Здесь начинается моя книга, Катрин, — с года, когда был построен хутор Олудден. Для меня этот хутор был не просто местом, где мы жили с матерью: здесь я выросла и узнала, что значит быть взрослой.

Промышлявший ловлей угря Рагнар Давидсон однажды сказал мне, что хутор наполовину выстроен из бревен, подобранных после крушения немецкого корабля, перевозившего древесину. Я склонна ему верить. На стене в глубине сеновала, устроенного над коровником, на доске вырезаны слова: «Памяти Кристиана Людвига».

Я слышала, как мертвые шепчутся в стенах. Им столько нужно мне рассказать.

Вальтер Броммесон, сложив руки, молится Богу в своем крохотном каменном домике в Олуддене. Он молится, чтобы море пощадило его маяк.

Никогда еще он не видел такого мощного шторма, чтобы снег, принесенный ветром с севера, стоял белой стеной, сковывая все живое и превращая в лед.

Башни, Господи, позволь нам достроить башни…

Вальтер Броммесон построил в своей жизни немало маяков, но впервые ему пришлось работать на острове Эланд в Балтийском море. Вальтер приехал сюда в марте год назад и сразу принялся за работу: нашел людей, заказал глину и камень и сильных лошадей.
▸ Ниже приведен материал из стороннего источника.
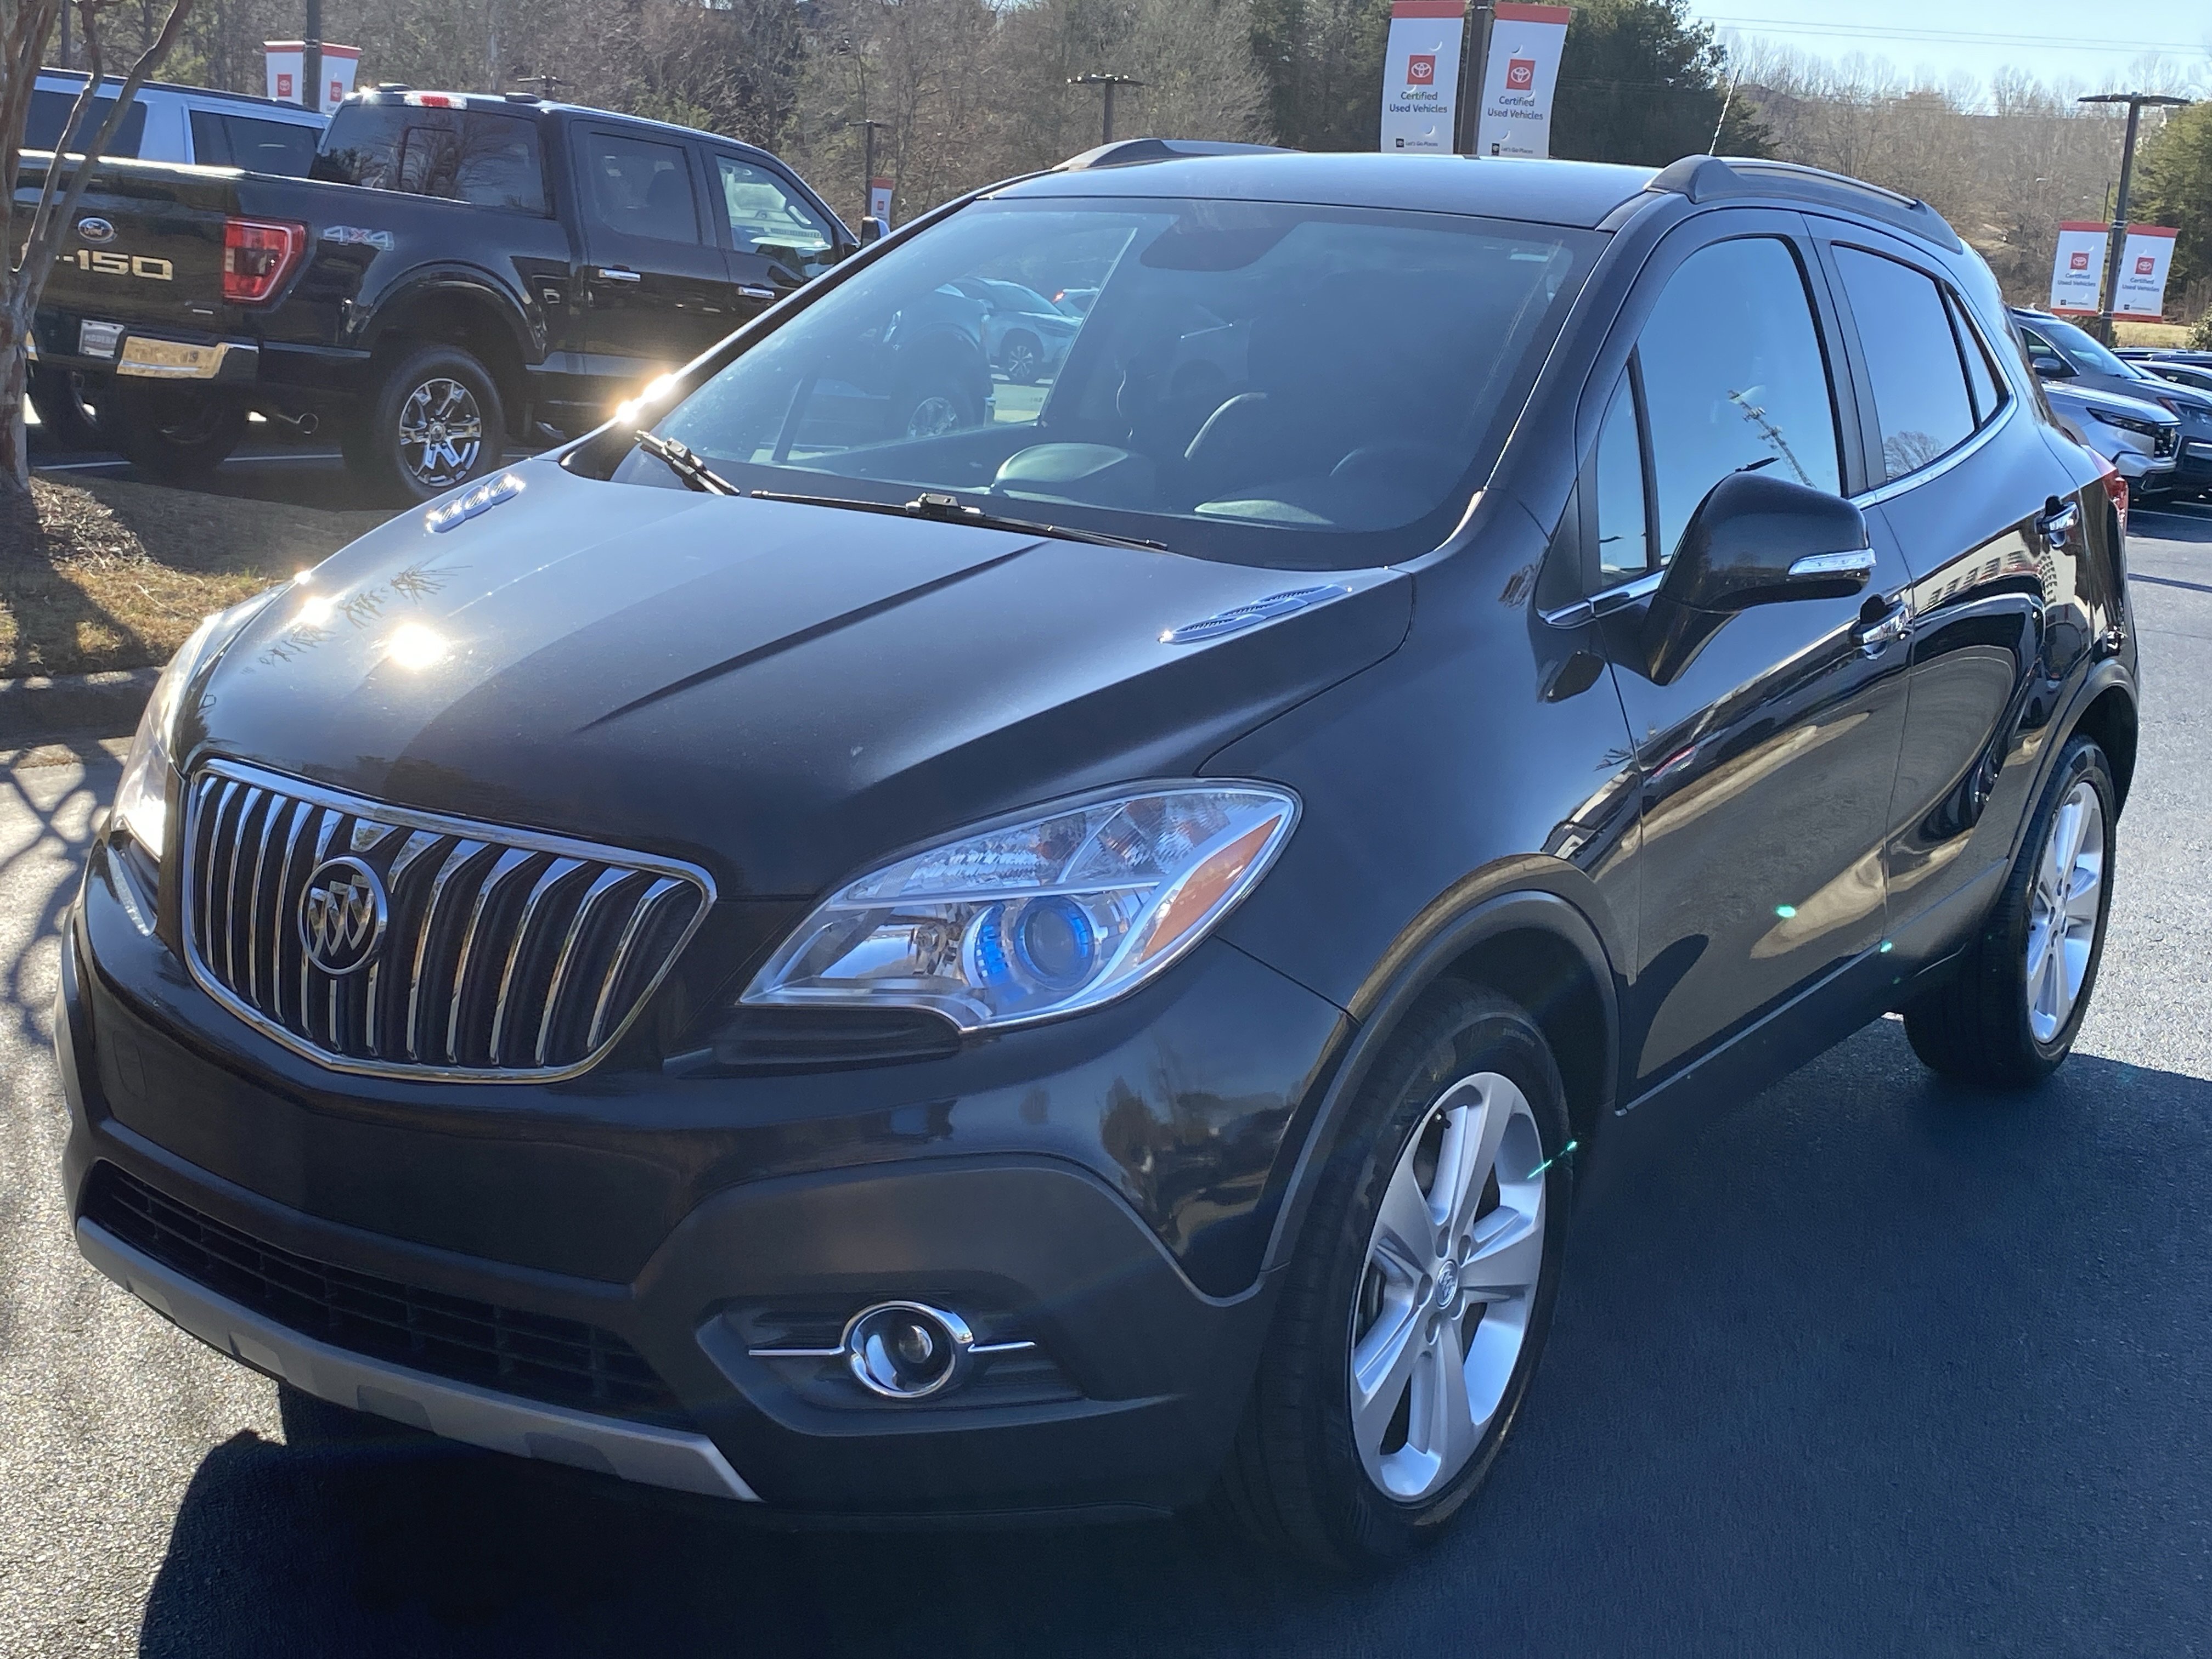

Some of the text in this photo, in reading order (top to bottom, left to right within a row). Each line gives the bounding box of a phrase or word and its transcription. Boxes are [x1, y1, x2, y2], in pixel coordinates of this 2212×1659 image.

Свежая весна, жаркое лето, солнечная осень на побережье пролетели как один день. Работа спорилась, и два маяка медленно поднимались вверх навстречу небу. Но потом солнце исчезло, температура понизилась, и люди заговорили о приходе зимы с ее суровыми штормами. Его ждали, и наконец он пришел… ветер с севера… Однажды вечером он подобно дикому зверю набросился на мирное побережье.
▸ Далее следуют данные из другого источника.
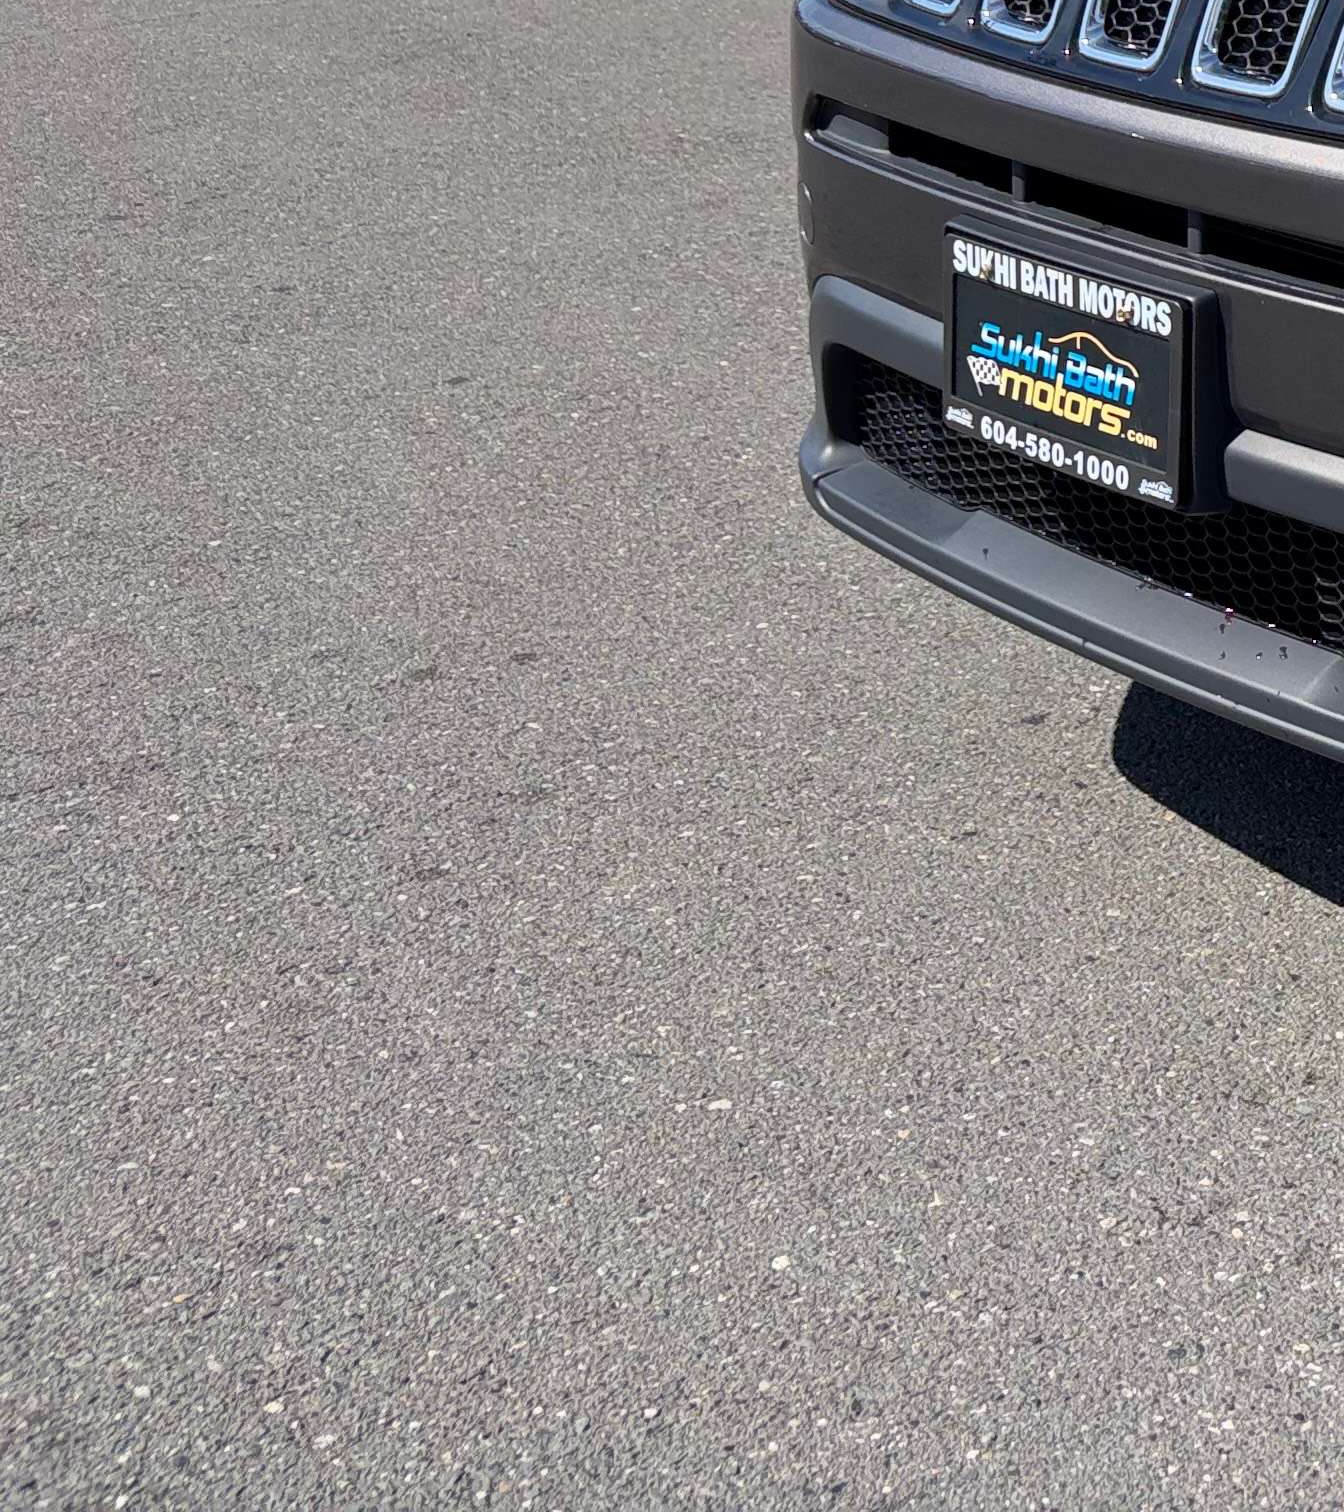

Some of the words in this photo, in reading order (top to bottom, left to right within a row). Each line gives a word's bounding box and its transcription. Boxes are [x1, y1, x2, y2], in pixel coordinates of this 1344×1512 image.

Только под утро ветер начинает стихать.

Внезапно с берега доносится крик. Он врывается в темноту, укрывающую дом плотным колпаком, — пронзительный, душераздирающий вопль о помощи на чужом языке.

От крика Броммесон просыпается. И тут же будит измотанных работников.

— Кораблекрушение, — говорит он, — мы должны идти.

Сонные работники неохотно подчиняются приказу, но Броммесону удается вытолкать их всех на мороз.

Согнувшись, строители идут навстречу ледяному ветру. Броммесон поворачивается и с облегчением отмечает, что недостроенный маяк по-прежнему на месте. Смотрит в другую сторону — там ничего. До горизонта теперь простирается снежная пустыня.

Работники понуро смотрят на море. Но ничего не видно ни среди гранитных вол, ни на прибрежном песке, только сквозь шум моря доносятся слабые крики и треск деревянных балок.

Огромный корабль налетел на скалы, и через пробоины в трюм поступает ледяная волна. Но строители ничем не могут помочь. Им остается только стоять и слушать крики о помощи. Три раза они пытались спустить на воду лодку, но безуспешно. Видимость нулевая, волны накрывают с головой, и повсюду в воде — тяжелые бревна.

Потерпевший крушение корабль перевозил на палубе древесину. Налетев на скалы, он растерял свой ценный груз. Бревна оказались в воде. Прибитые волнами к берегу, они бьются и трутся друг о друга.

С появлением солнца среди сизых туч работники видят первое тело. Это молодой мужчина в десяти метрах от берега; руки его широко раскинуты, словно он до последнего пытался ухватиться за бревно.

Двое работников заходят в ледяную воду, берутся за намокшую рубаху и вытаскивают утопленника на песок.

Руки их немеют от ледяной воды. Мертвец крупный и тяжелый, и его приходится долго тащить на берег. Вода льется из одежды на песок.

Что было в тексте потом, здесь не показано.